WORK INSTRUCTION> Write out each record in full and exactly as given. Skip any pictures.

*** DATA ***

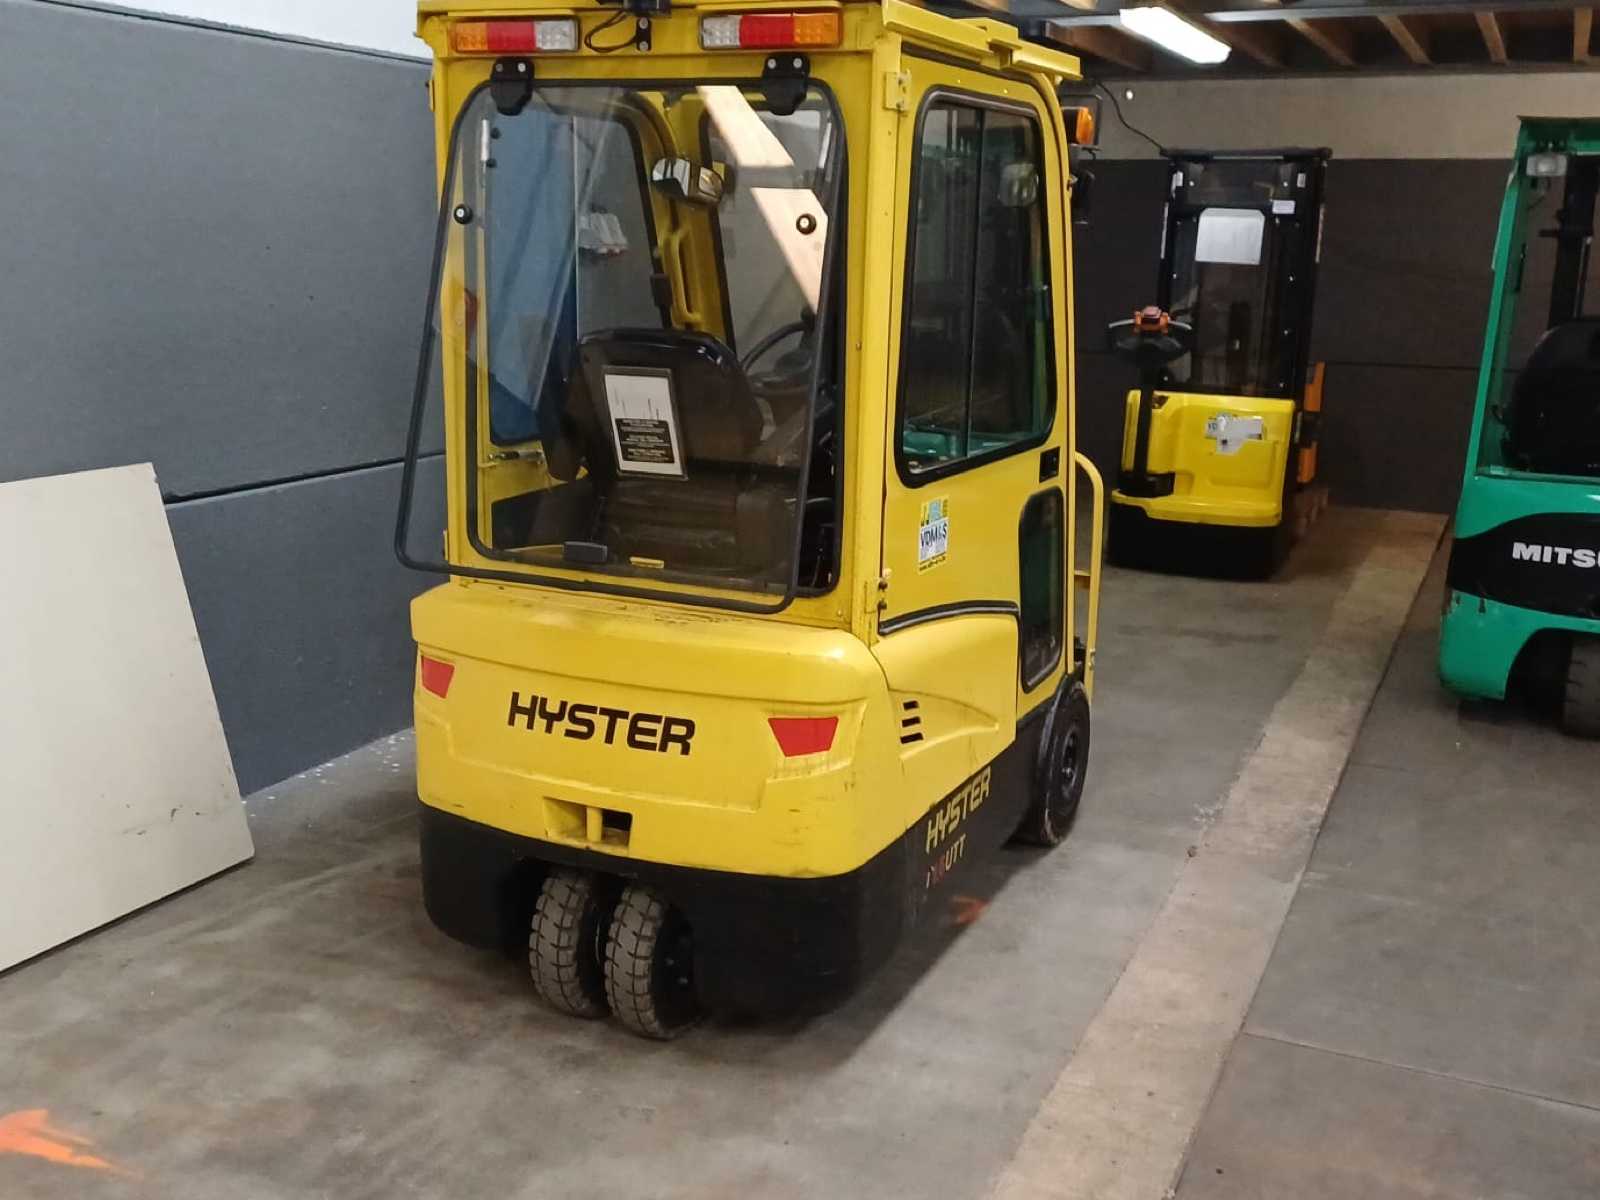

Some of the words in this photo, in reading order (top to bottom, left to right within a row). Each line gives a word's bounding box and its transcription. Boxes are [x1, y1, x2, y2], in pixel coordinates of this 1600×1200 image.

[1512, 541, 1600, 568] MITS
[508, 691, 696, 756] HYSTER
[926, 765, 991, 854] HYSTER
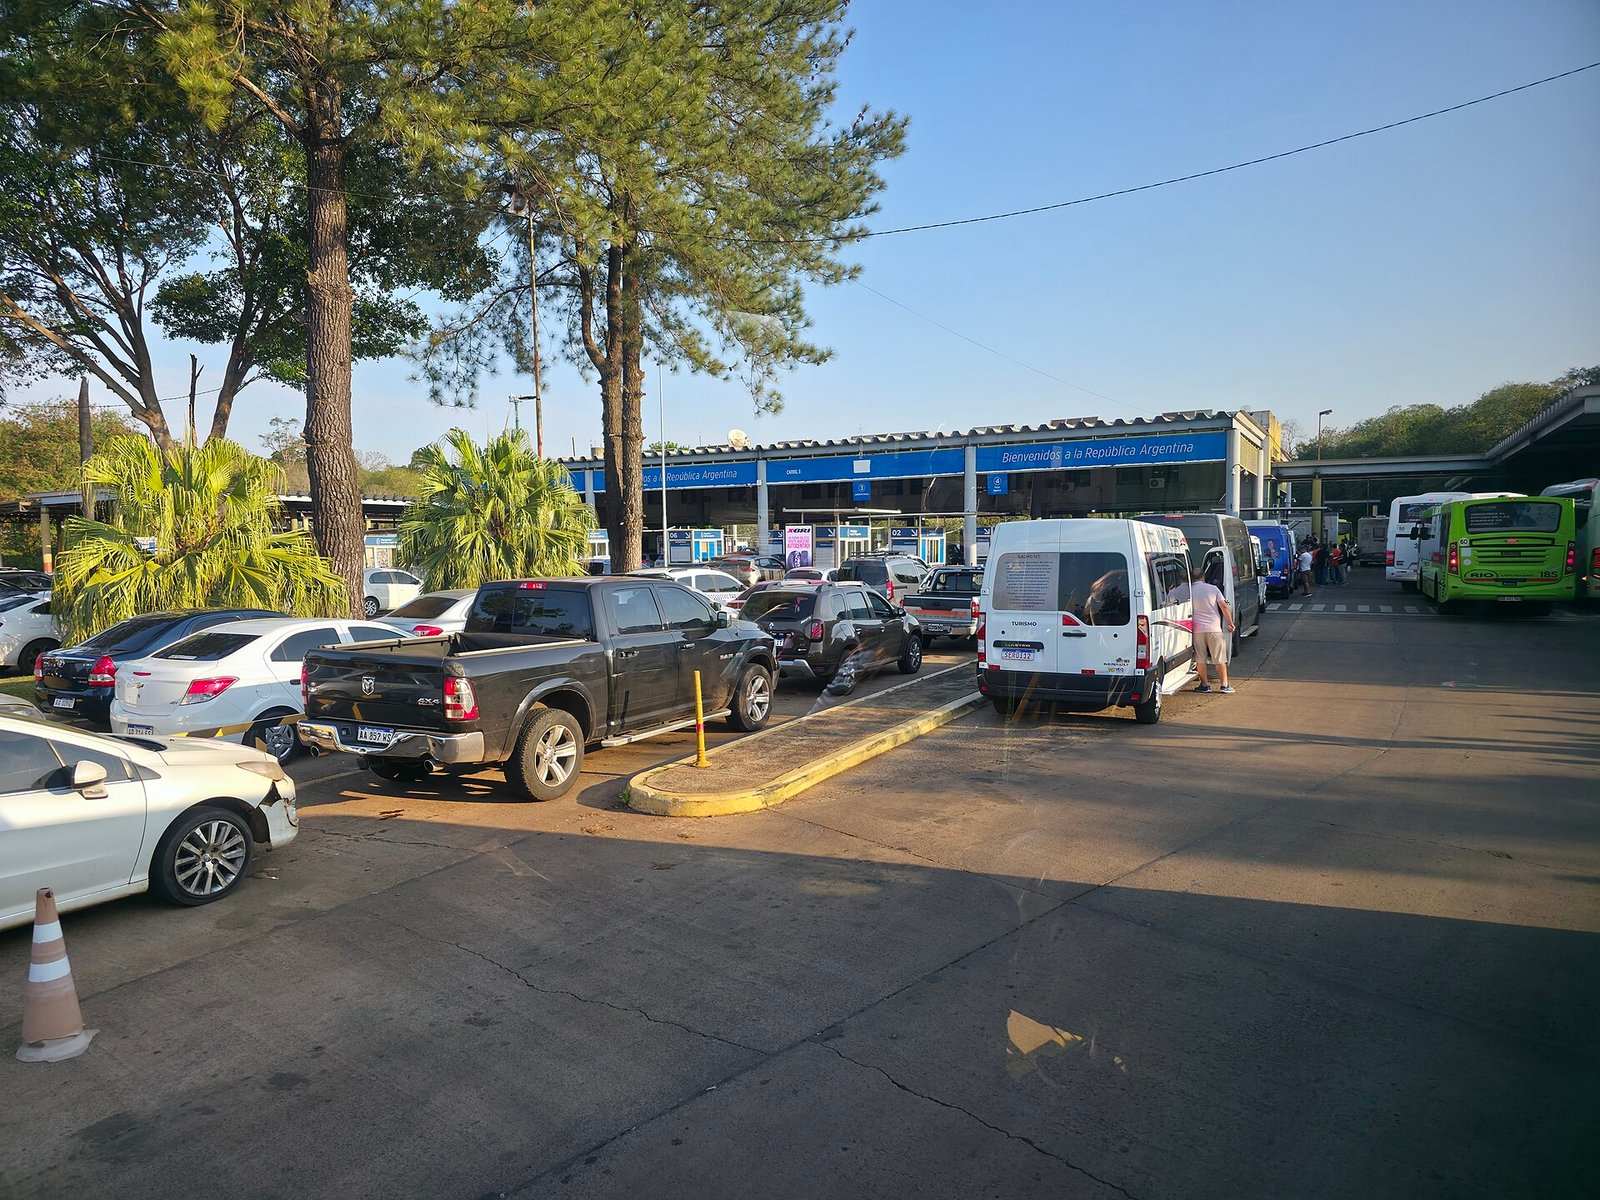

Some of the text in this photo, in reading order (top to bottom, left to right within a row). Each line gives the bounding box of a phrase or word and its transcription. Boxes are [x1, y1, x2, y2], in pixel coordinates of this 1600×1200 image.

[1002, 442, 1194, 463] Bienvenidos a la República Argentina
[666, 470, 700, 482] República
[702, 468, 738, 480] Argentina
[360, 730, 368, 740] AA

*** End of DATA ***

FINISHED TASK>
Some of the words in this photo, in reading order (top to bottom, left to right within a row). Each line gives a word's bounding box and its transcription. Boxes are [x1, y1, x2, y2], in pixel coordinates of this 1600×1200 image.

[1512, 541, 1600, 568] MITS
[508, 691, 696, 756] HYSTER
[926, 765, 991, 854] HYSTER

Some of the text in this photo, in reading order (top to bottom, left to right within a row). Each line gives the bounding box of a phrase or word and its transcription. Boxes are [x1, y1, x2, y2], in pixel coordinates of this 1600×1200 image.

[1002, 442, 1194, 463] Bienvenidos a la República Argentina
[666, 470, 700, 482] República
[702, 468, 738, 480] Argentina
[360, 730, 368, 740] AA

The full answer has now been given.